Le vapotage est moins nocif que la cigarette, mais il demeure tout de même dommageable. L’utilisation des dispositifs de vapotage comme aide à l’abandon du tabac présente des avantages potentiels, mais les données probantes ne sont pas suffisantes et laissent place au doute.
Cœur + AVC recommande aux fumeuses et aux fumeurs de consulter un médecin ou tout autre professionnel de la santé qui pourra répondre à leurs besoins, comme s’il était question d’un médicament ou d’une autre substance.

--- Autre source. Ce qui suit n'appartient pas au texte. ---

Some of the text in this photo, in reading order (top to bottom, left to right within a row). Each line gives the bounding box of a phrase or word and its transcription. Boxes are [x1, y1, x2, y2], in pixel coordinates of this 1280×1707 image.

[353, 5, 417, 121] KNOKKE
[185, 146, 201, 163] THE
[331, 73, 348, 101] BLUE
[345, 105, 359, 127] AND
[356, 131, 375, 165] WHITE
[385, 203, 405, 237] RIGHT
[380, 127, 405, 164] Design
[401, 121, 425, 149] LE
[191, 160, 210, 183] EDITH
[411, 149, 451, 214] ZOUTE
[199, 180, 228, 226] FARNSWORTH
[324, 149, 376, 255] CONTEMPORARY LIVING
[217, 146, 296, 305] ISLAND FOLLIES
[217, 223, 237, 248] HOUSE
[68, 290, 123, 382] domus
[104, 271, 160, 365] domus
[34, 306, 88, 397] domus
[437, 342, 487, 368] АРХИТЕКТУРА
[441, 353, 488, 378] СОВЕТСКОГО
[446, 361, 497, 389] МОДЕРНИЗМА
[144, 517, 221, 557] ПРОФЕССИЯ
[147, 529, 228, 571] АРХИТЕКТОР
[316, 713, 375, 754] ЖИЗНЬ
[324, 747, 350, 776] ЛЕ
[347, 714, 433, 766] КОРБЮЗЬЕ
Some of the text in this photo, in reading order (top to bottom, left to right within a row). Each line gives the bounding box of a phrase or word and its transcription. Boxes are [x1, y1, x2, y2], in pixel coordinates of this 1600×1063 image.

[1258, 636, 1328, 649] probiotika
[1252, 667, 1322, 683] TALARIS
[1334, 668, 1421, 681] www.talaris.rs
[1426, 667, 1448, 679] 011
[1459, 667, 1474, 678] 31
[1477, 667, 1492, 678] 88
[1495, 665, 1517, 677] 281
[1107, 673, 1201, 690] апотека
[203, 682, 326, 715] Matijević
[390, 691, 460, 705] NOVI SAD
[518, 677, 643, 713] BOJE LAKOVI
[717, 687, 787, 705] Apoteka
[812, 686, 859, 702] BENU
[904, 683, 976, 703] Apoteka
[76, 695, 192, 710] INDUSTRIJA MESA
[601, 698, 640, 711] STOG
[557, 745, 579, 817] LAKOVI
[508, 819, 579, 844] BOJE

Malheureusement, la plupart des adultes qui vapotent fument aussi la cigarette, et font donc ce que l’on appelle un « double usage ». Il est prouvé que ces personnes augmentent leur risque global d’être atteints de divers problèmes de santé.
Que faut-il faire pour gérer cette crise de santé publique?
D’abord, nous avons du rattrapage à faire. Le gouvernement fédéral a récemment mis en place des politiques pour s’attaquer à la crise du vapotage chez les jeunes, mais il reste encore beaucoup à faire pour les empêcher de commencer à vapoter et réduire le taux de vapotage.
Nous devons adopter une approche globale, qui reflète les approches utilisées pour s’attaquer à l’utilisation des produits du tabac commerciaux. La réglementation gouvernementale devrait :
- éliminer les arômes attrayants pour les jeunes, y compris ceux de menthe et de menthol;
- exiger l’utilisation d’emballages neutres et normalisés pour tous les produits de vapotage;
- ajouter des mises en garde évocatrices sur la santé pour sensibiliser les consommatrices et consommateurs aux risques du vapotage
- interdire la vente aux personnes de moins de 21 ans.
Toute une série de mesures politiques est donc nécessaire. Il faudra aussi, bien sûr, s’assurer qu’elles sont respectées et qu’elles entraînent de la responsabilisation.
Il est encourageant de voir que les gouvernements provinciaux et fédéral ont commencé à s’attaquer à ce problème. Certaines administrations ont fait preuve de leadership à cet égard en adoptant des restrictions sur les arômes, le taux de nicotine et l’âge minimum d’achat, de même qu’en imposant des taxes.
Le gouvernement fédéral a adopté une réglementation pour interdire la publicité et la promotion auprès des jeunes, limiter la quantité de nicotine contenue dans les produits de vapotage à 20 mg/ml, imposer une taxe sur les produits de vapotage et intégrer un cadre de taxation des produits de vapotage partout au pays.
Toutefois, ce n’est qu’un début. Il y a encore plus à faire pour empêcher les jeunes et les personnes qui ne fument pas d’avoir accès à ces produits nocifs. Nous avons aussi besoin de politiques strictes qui protègent la population de l’ensemble du pays, pas seulement celle de certaines provinces.
Qu’a fait Cœur + AVC pour accélérer la mise en œuvre de politiques pour contrer le vapotage?
L’industrie du tabac fait maintenant équipe avec celle du vapotage. Forte de plusieurs dizaines d’années d’expérience dans la vente de produits nocifs et dans la création d’une dépendance chez les jeunes, l’industrie du tabac possède une capacité inégalée à mentir au public, à induire celui-ci en erreur et à s’opposer vigoureusement à toute forme de réglementation.
Cœur + AVC et d’autres organismes ont défendu activement le bien-fondé d’une réglementation en la matière auprès des gouvernements et des décideurs politiques dans toutes les provinces et tous les territoires du pays. Nous avons demandé aux gouvernements d’agir rapidement puisqu’il y a urgence concernant cet enjeu.